Language of the case: Lithuanian

Parties

Applicant: TC, represented by D. Aukštuolytė, lawyer

Defendant: European Parliament

Form of order sought

The applicant claims that the Court should:

annul the decision of the Secretary-General of the European Parliament of 16 March 2021;

cancel debit note No 7010000523 issued by the European Parliament on 31 March 2021;

order the Parliament to pay the applicant’s costs.
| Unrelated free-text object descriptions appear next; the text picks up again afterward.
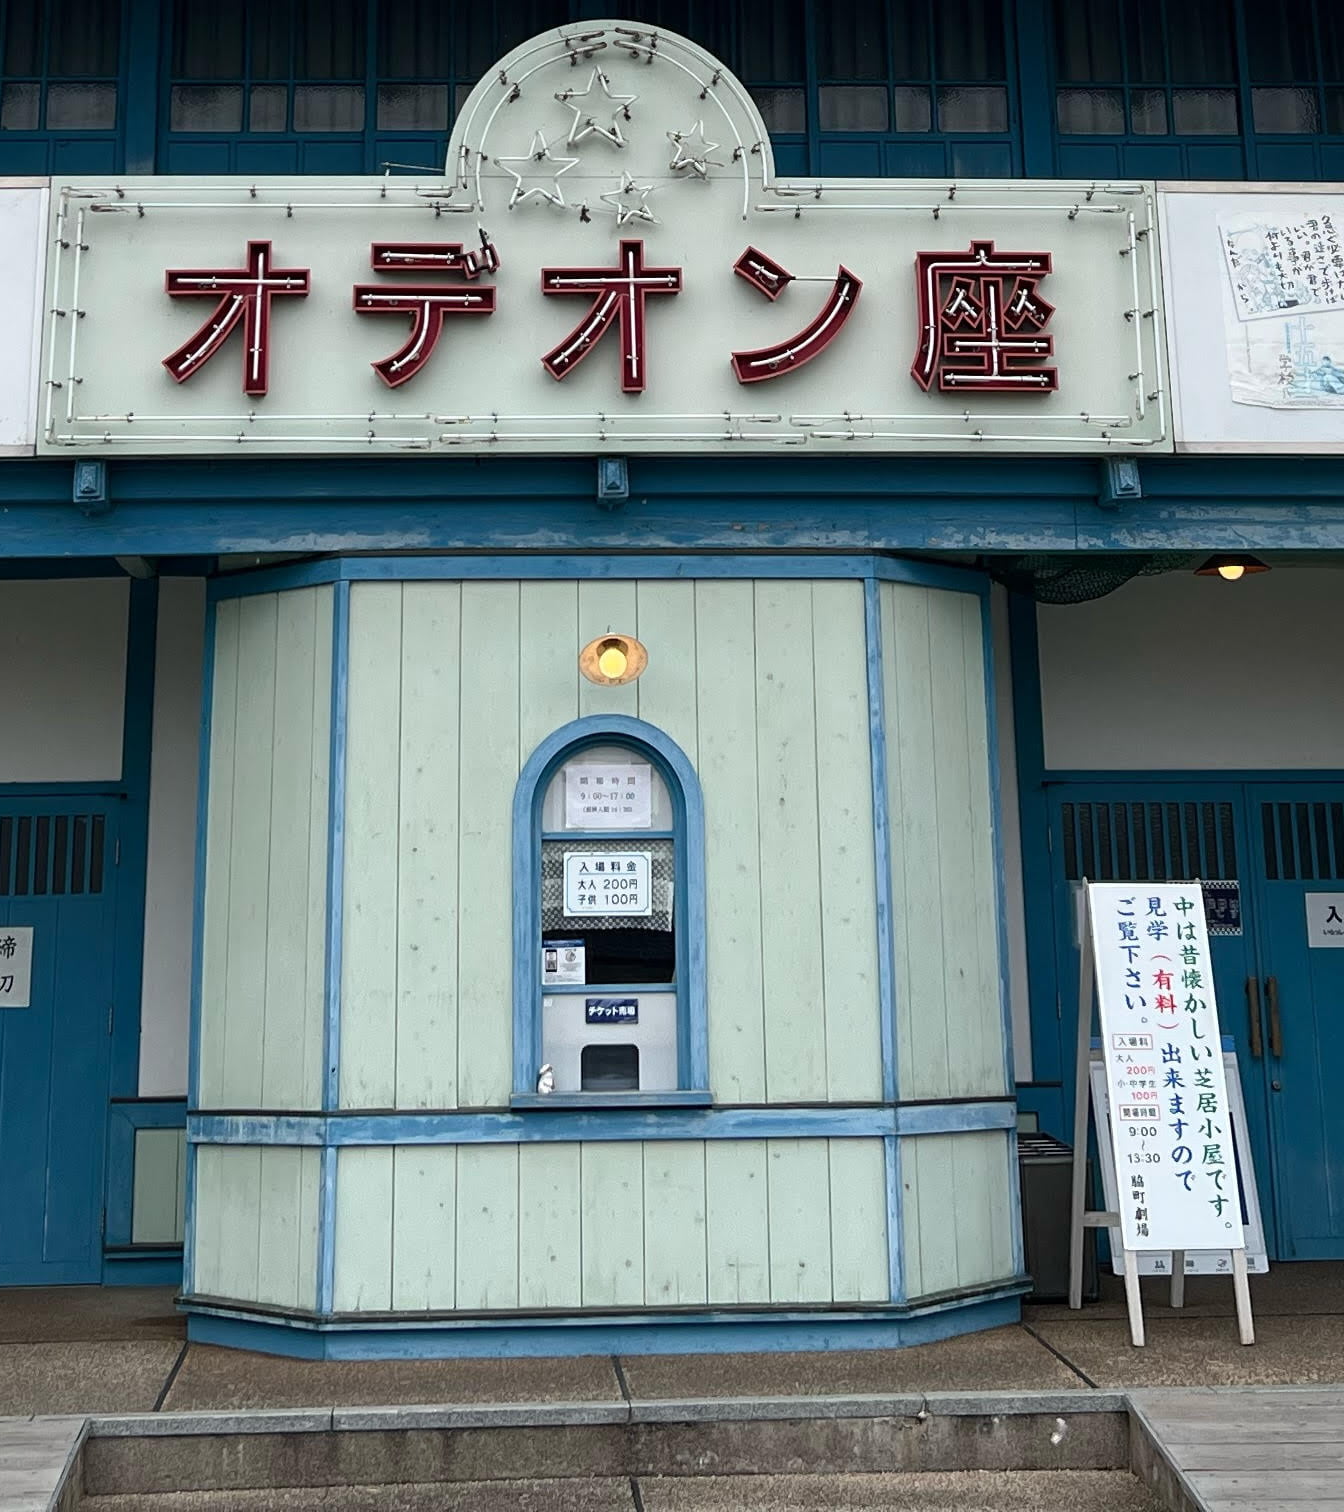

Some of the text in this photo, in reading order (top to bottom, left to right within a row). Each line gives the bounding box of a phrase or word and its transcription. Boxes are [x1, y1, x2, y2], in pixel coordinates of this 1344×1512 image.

[161, 232, 1059, 396] オデオン座
[579, 860, 637, 873] 入場料金
[577, 878, 638, 890] 大人 200円
[577, 893, 638, 905] 子供 100円
[1117, 897, 1148, 1024] ご覧下さい。
[1118, 1037, 1149, 1047] 入場料
[1115, 1054, 1134, 1064] 大人
[1173, 896, 1232, 1229] 中は昔懐かしい芝居小屋です。
[1126, 1066, 1156, 1075] 200円
[1131, 1091, 1158, 1100] 100円
[1128, 1126, 1157, 1137] 9:00
[1130, 1174, 1149, 1237] 脇町劇場
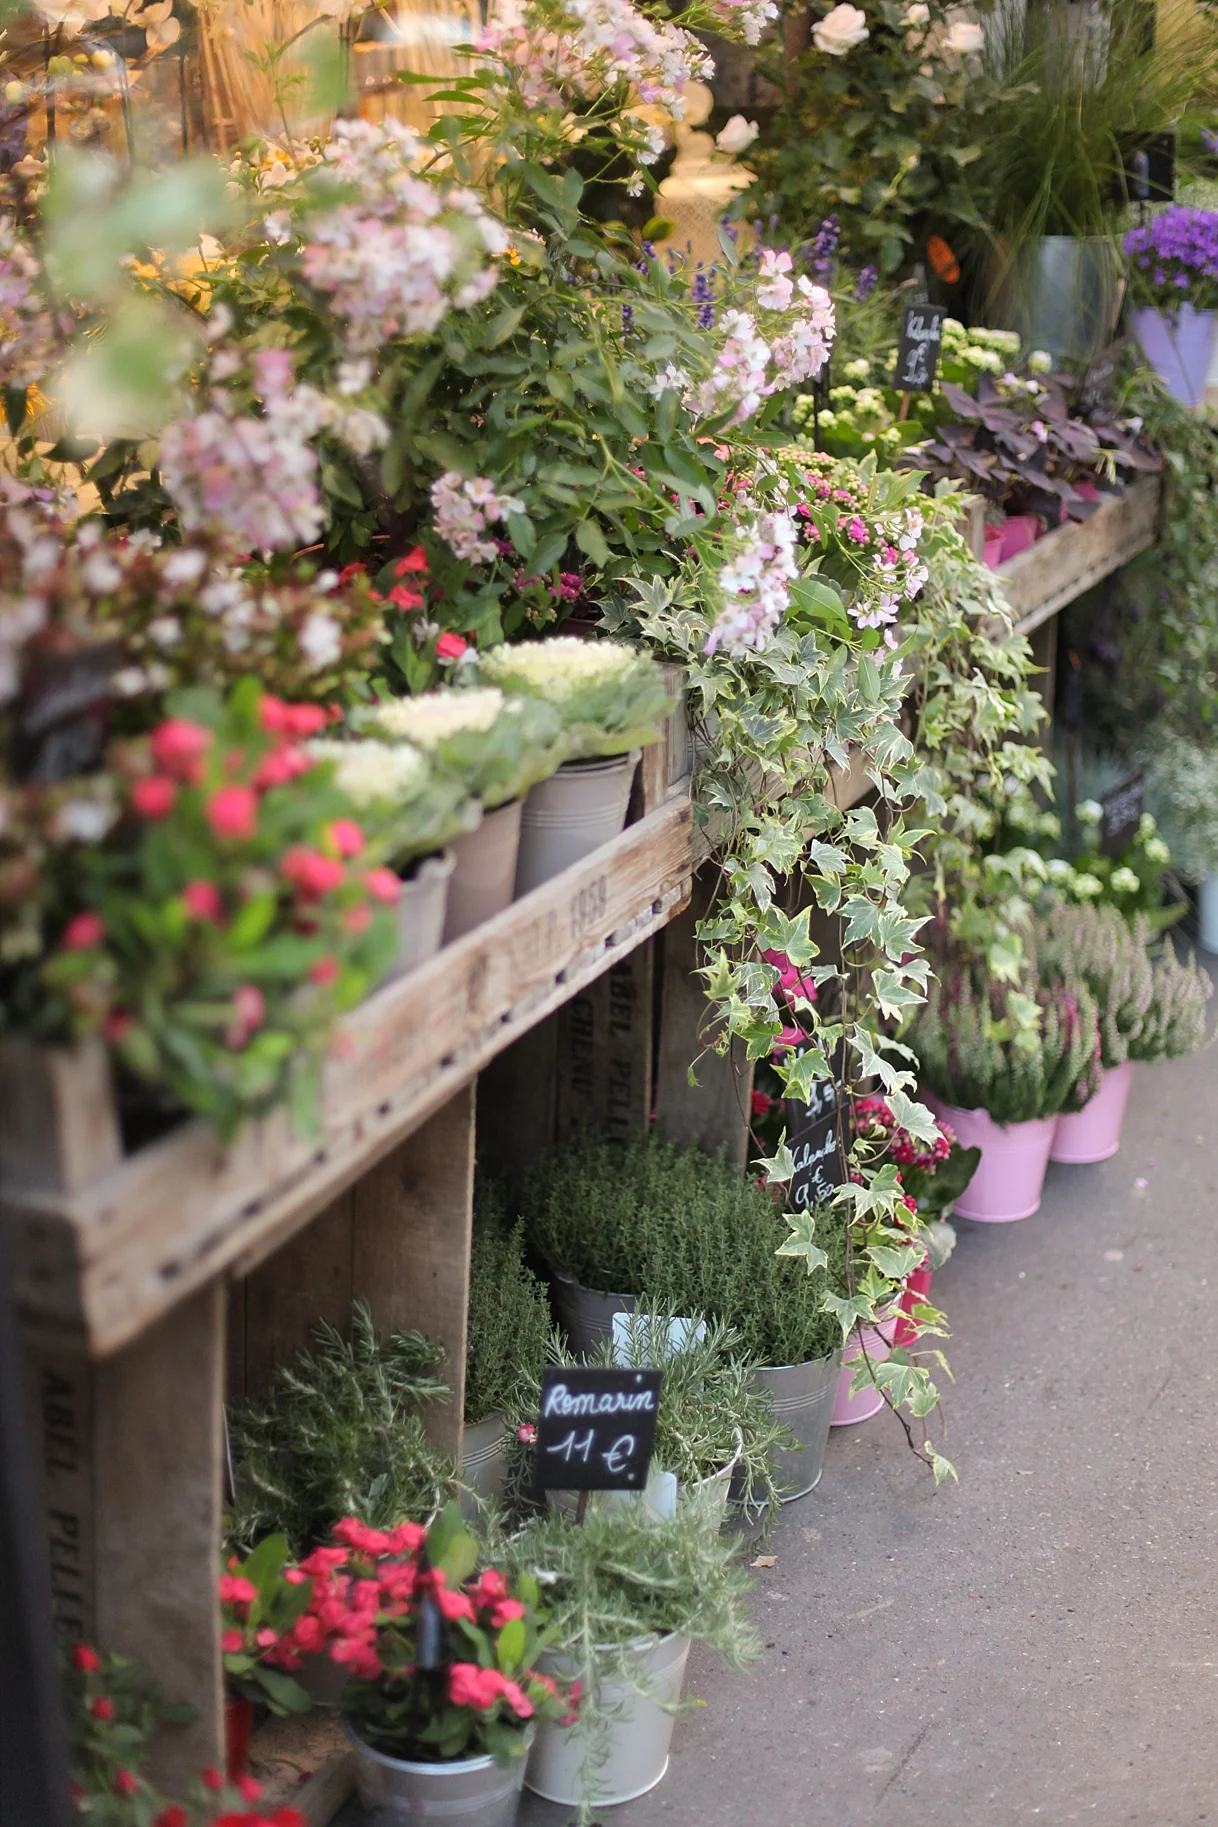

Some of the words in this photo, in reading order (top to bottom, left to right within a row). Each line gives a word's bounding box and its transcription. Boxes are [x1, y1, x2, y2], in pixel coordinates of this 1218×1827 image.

[544, 1383, 655, 1418] Romarin
[546, 1429, 594, 1463] 11
[602, 1434, 635, 1473] €
Pleas in law and main arguments

In support of the action the applicant relies on five pleas in law.

1.

First plea in law, alleging that the Parliament was, without justification, unreasonably and unfairly late in adopting its decision by failing to observe the principle that action must be taken within a reasonable time in the administrative procedures provided for in Article 41(1) of the Charter of Fundamental Rights of the European Union. Because of this, the applicant’s rights of defence were infringed as a result of the late initiation of recovery proceedings brought against him, since the duration of those proceedings deprived him of the opportunity to defend himself effectively against the allegations made and to adduce evidence.

2.

Second plea in law, alleging that the decision of the Secretary-General of the European Parliament, upon which the debit note was based, as a legal measure affecting the applicant, was adopted in breach of the principles of impartial and fair procedure, equality of arms and the applicant’s rights of defence:

The Parliament infringed the obligation to give reasons and the applicant’s right to be heard under Article 41(2)(a) and (c) of the Charter by basing the contested decision on findings made by the General Court in a case in which the applicant was not involved and on which he did not have an opportunity to be heard;

The Parliament did not provide the applicant with the evidence on which it indirectly based the contested decision, nor did it provide the applicant with other information necessary to enable him properly to exercise his right to be heard (to submit observations), in breach of Article 41(2)(a) and (b) of the Charter.

3.

Third plea in law, alleging that the Parliament made an error of assessment, in that it failed to assess the evidence adduced by the applicant which confirmed that the matters referred to by the assistant before the General Court on which the Parliament relies, and on the basis of which recovery proceedings have been initiated, are incorrect (confirm that the investigation was initiated without justification) and breach the obligation to give reasons set out in Article 41(2)(c) of the Charter.

4.

Fourth plea in law, alleging that the Parliament infringed the principle of proportionality and the obligation to state reasons laid down in Article 296 TFEU and in Article 41(2)(c) of the Charter, in so far as the amount to be repaid was set at EUR 78 838,21. The sum required to be repaid has not been substantiated in full, and for that reason the contested decision assumes that the Parliamentary assistant never worked for the applicant.

5.

Fifth plea in law, alleging that information of the Parliament which is publicly available confirms that the Parliamentary assistant carried out his functions until no later than 15 December 2015, which indicates that it was unreasonable to initiate the procedure for recovery of the funds, with the result that the decision must be annulled.